It’s that time of year again where Microsoft rolls out a major feature update for Windows 10. In the next few weeks, Microsoft will begin rolling out Windows 10 Version 1809 aka October 2018 Update. Similar to previous feature updates, it will be a staggered rollout to users with new machines first and then expand to older devices. Last year’s April 2018 Update (Version 1803) rollout was relatively successful, but generally, it’s a good idea to defer the big update at least until the first cumulative update is released.
Unless you change the settings, your Windows 10 system will get the update automatically. Here is how to hold off the update until you’re confident it’s stable and are ready to install it.

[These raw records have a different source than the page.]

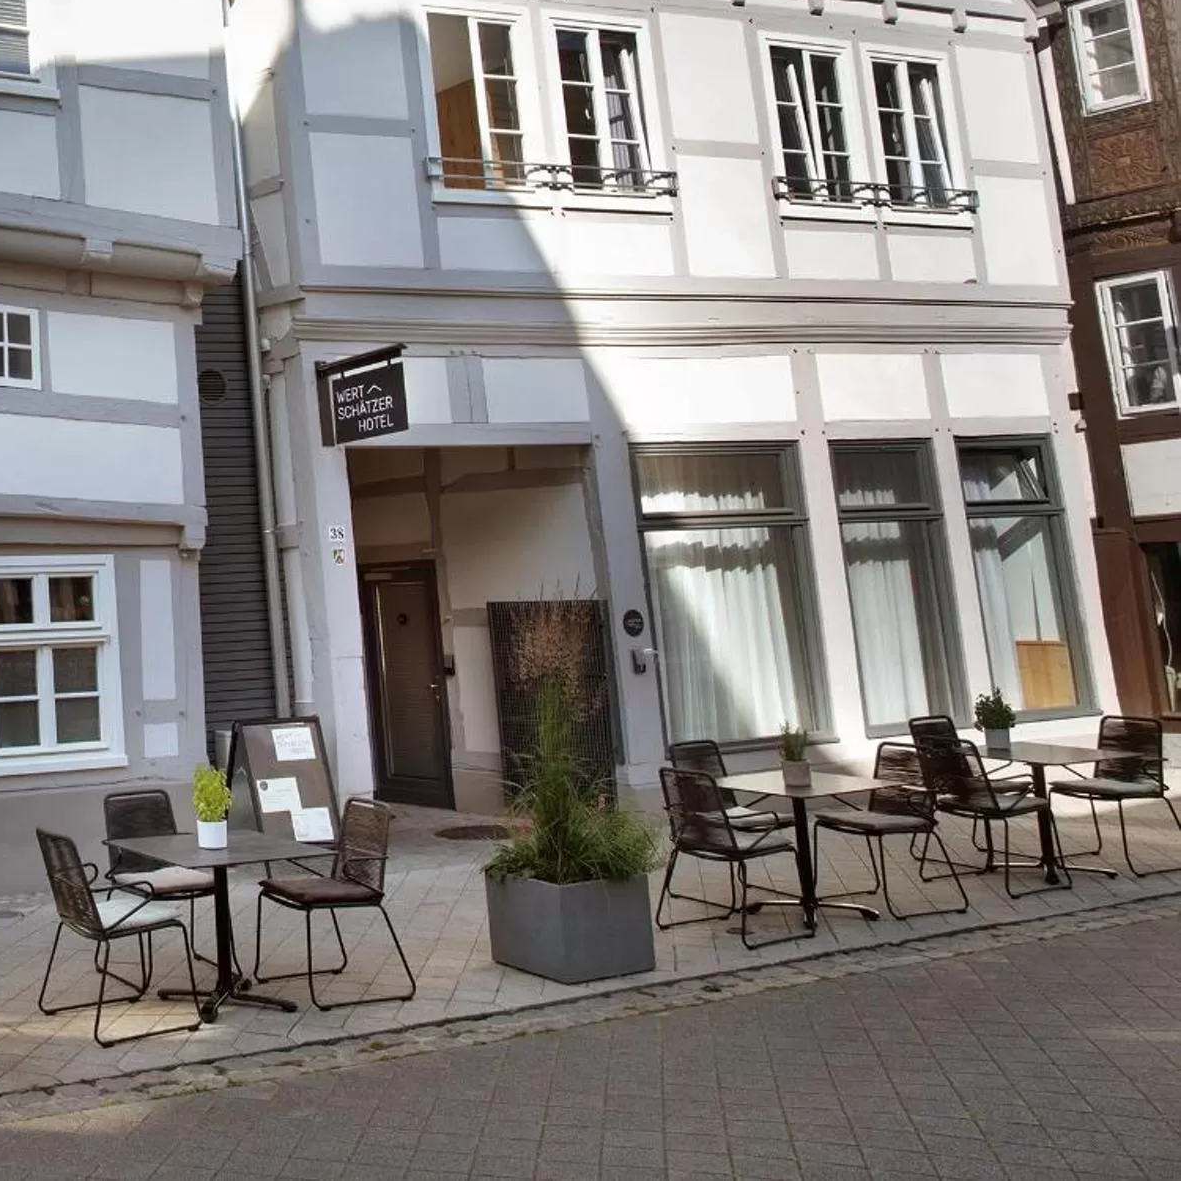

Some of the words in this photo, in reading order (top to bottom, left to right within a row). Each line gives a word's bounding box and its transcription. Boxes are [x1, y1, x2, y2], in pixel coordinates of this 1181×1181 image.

[336, 385, 365, 403] WERT
[358, 414, 395, 432] HOTEL
[330, 527, 344, 540] 38
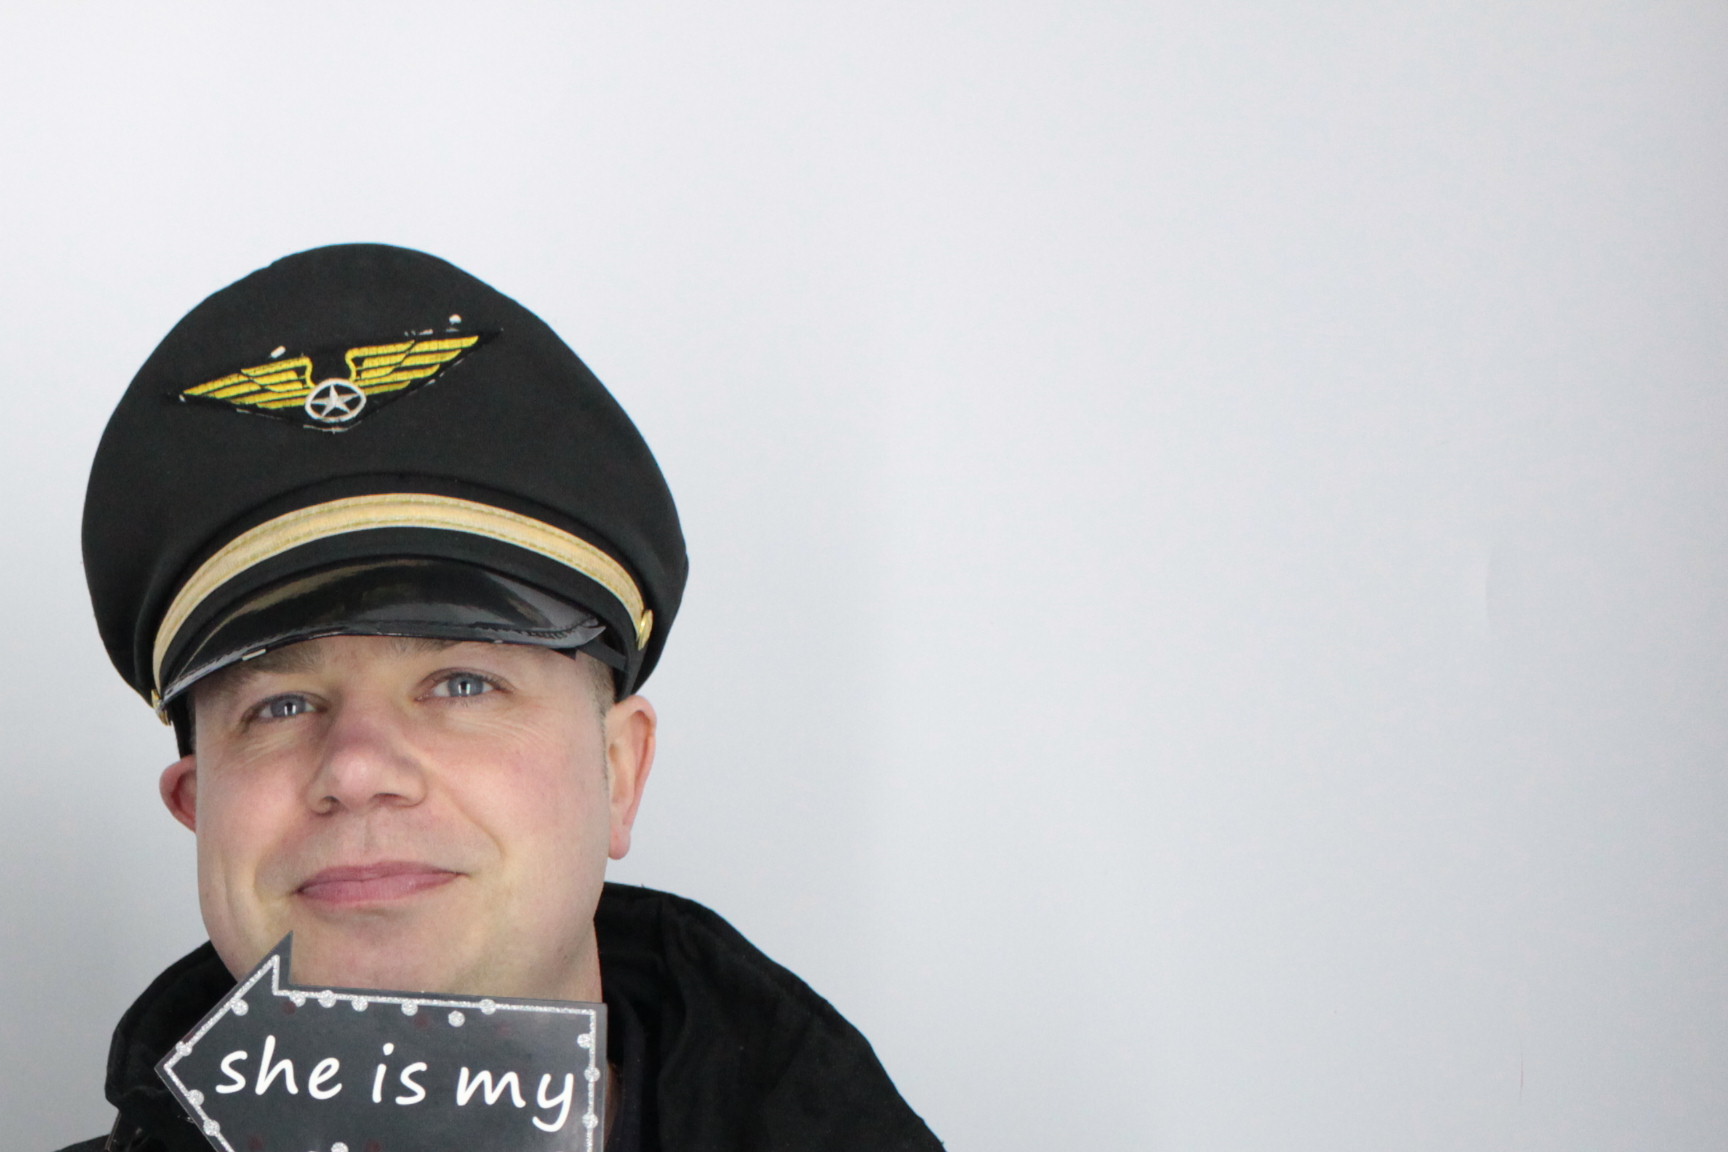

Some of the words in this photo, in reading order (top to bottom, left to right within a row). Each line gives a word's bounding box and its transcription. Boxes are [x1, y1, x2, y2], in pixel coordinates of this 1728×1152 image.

[215, 1034, 344, 1100] she
[371, 1042, 428, 1106] is
[455, 1066, 576, 1133] my

Delay Windows 10 Version 1809
To delay the feature update for up to a full year, head to Settings > Update & Security > Windows Update and click Advanced options.

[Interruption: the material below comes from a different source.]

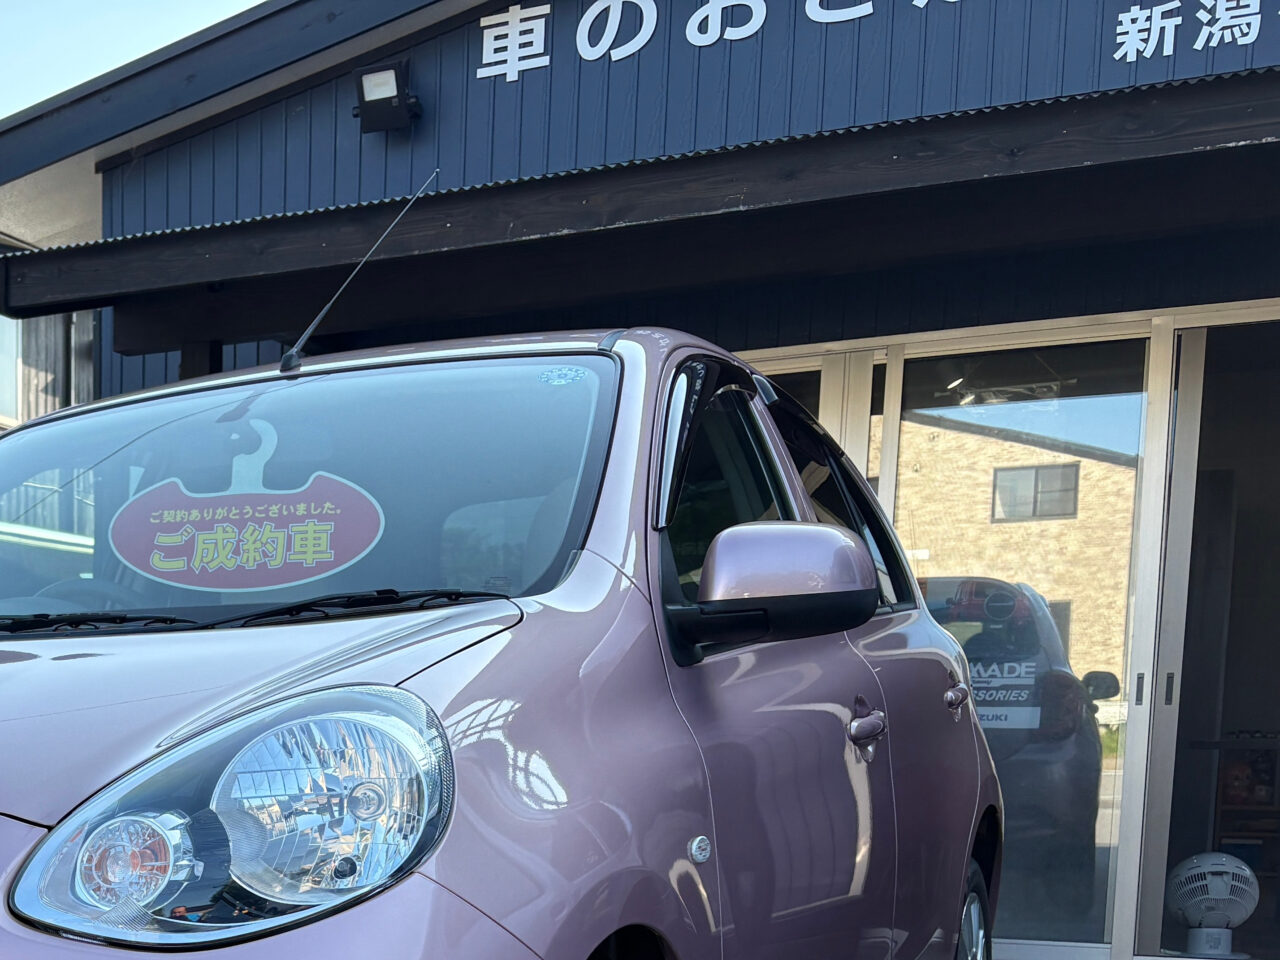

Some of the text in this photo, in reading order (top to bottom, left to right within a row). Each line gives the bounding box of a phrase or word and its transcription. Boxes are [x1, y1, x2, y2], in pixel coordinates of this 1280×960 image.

[150, 502, 342, 524] ご契約ありがとうございました。
[150, 519, 334, 574] ご成約車

On the following screen, under the “Choose when updates are installed” section, select the number of days you want to delay a feature update. Typically, I choose 90 days, but you can go all the way up to a full 365 days. Keep in mind that if you want to update sooner than the time you choose, you can go back in and change it. Remember, you still want to get security patches, so keep the quality update value at zero.
Just below the settings above, you’ll see the option to pause updates. Turning this on will pause quality and feature updates for up to 35 days.
Postpone the Update
Now, if the update has already been downloaded in the background before you made any changes, you still can postpone it for up to a week. Head to Settings > Update & Security > Windows Update and click on the Restart options link. Then set the time and date you want the update to occur – up to seven days.
Block the Feature Update
Simply delaying the update is ideal but, the Home version of Windows 10 isn’t as liberal when it comes to delaying updates. What you can do is block the update using Metered Connection settings. To do that, go to Settings > Network & Internet > Wi-Fi (or Ethernet on a desktop) and turn “Metered connection” on.
It’s especially important to remember that doing this will block all quality updates, however, priority updates that fix major security issues will still come in. Plus, you can also download and install updates manually. Still, you will want to use this option judicially. For more on using a metered connection read our article on how to limit Windows 10 data use over a metered connection.
Will you allow your system to update when it’s available right away or do you plan to delay it for a while using one of the above options?